In Sickness and Health
In 1645, a maidservant working in the household of Mr Walker of Chapel Wynd received a sad gift. Her aunt, who lived in Leith, had recently died, and had left her worldly possessions to her only living relative. That legacy consisted of a trunk of clothes, which was delivered to the grieving niece. Unfortunately, fleas lurked in the folds of cloth. Worse still, they were fleas from black rats, and they were carrying disease and disaster. Bubonic Plague arrived in Peterhead, bringing death and devastation.
Mr Walker’s household were among the first to succumb. As the sickness spread, so did the terror. God’s wrath had fallen on Peterhead, and the population were hysterical with fear. At first, people carried the sick to the tollbooth. This was too close to the settlement for comfort, and was burned to the ground to purify the site and remove it as a source of infection. Eight huts were hastily built on the Ive, just outside town, creating Peterhead’s first Isolation Hospital. Alas, nursing care was not provided. Plague sufferers were carried to the huts and abandoned to their fate. Death was inevitable. Most victims died within hours of symptoms appearing, and their suffering was terrible.
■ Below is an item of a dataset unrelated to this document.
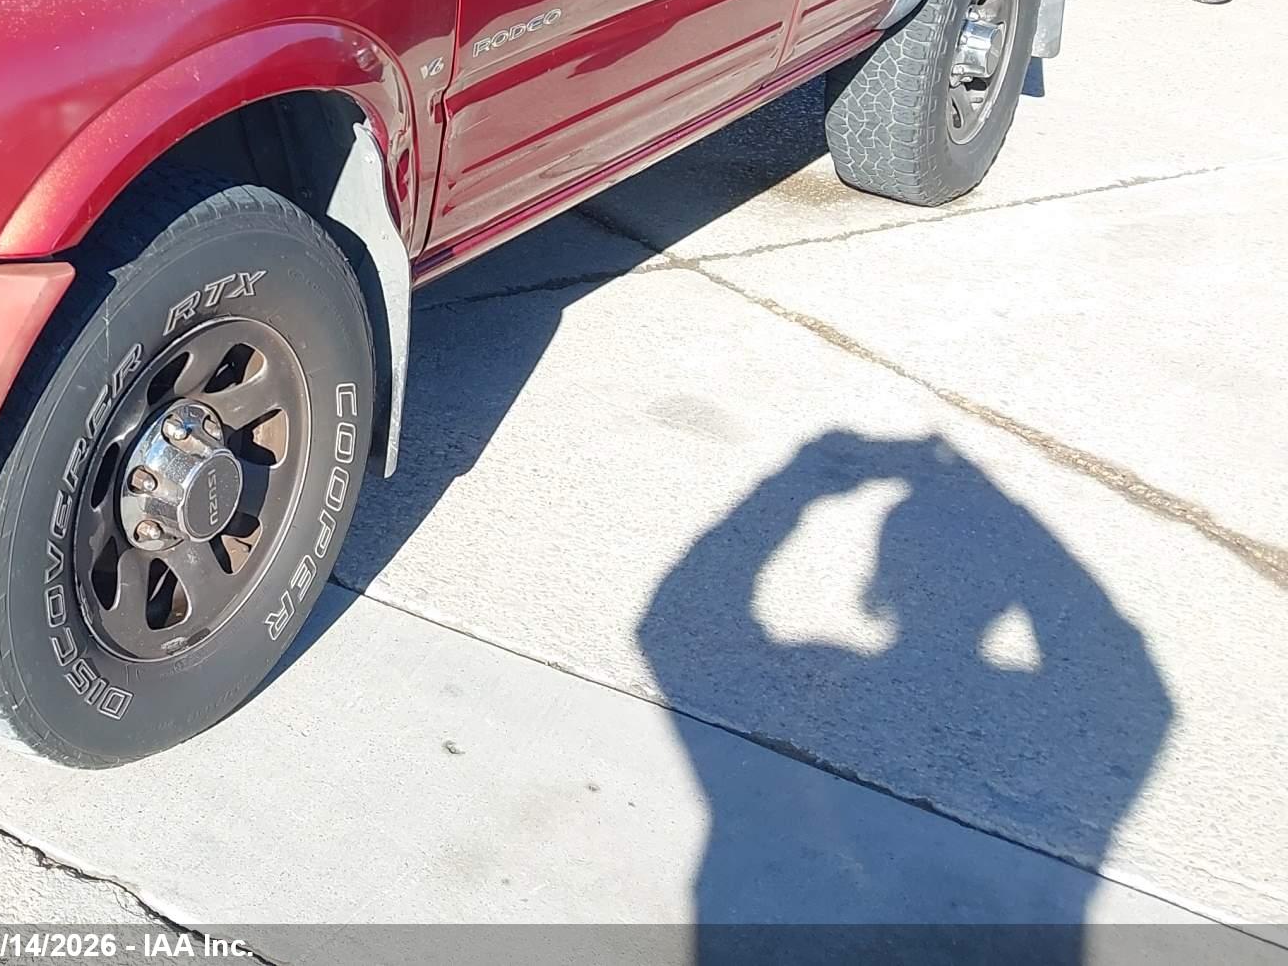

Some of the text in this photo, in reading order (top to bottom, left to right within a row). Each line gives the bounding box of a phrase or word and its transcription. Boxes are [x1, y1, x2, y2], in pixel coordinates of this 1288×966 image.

The plague eventually ran its course and life in town returned to normal, but nobody went near the huts on the Ive, some open ground on the outskirts of town, close to the Gadle Braes. A century passed, and still the area was avoided. Eventually, the town council sought advice from eminent doctors in Edinburgh, who declared it safe to clear the huts and create a public park, for all to enjoy. In 1933, this land was used to build housing for Peterhead’s growing population.
The first true fever hospital in the town opened in 1865, in response to a cholera outbreak in parts of Britain. Any seafarer arriving in the port who was suspected of having the disease would not be allowed to enter the port. Instead, they would be taken by small boat to Almanythie Creek, opposite the hospital. This building was replaced in 1880, with the new Fever Hospital on the site of the plague huts. It was demolished to make way for housing. The current hospital was built on a new site. Building work began in 1905, and the cost was £4,000.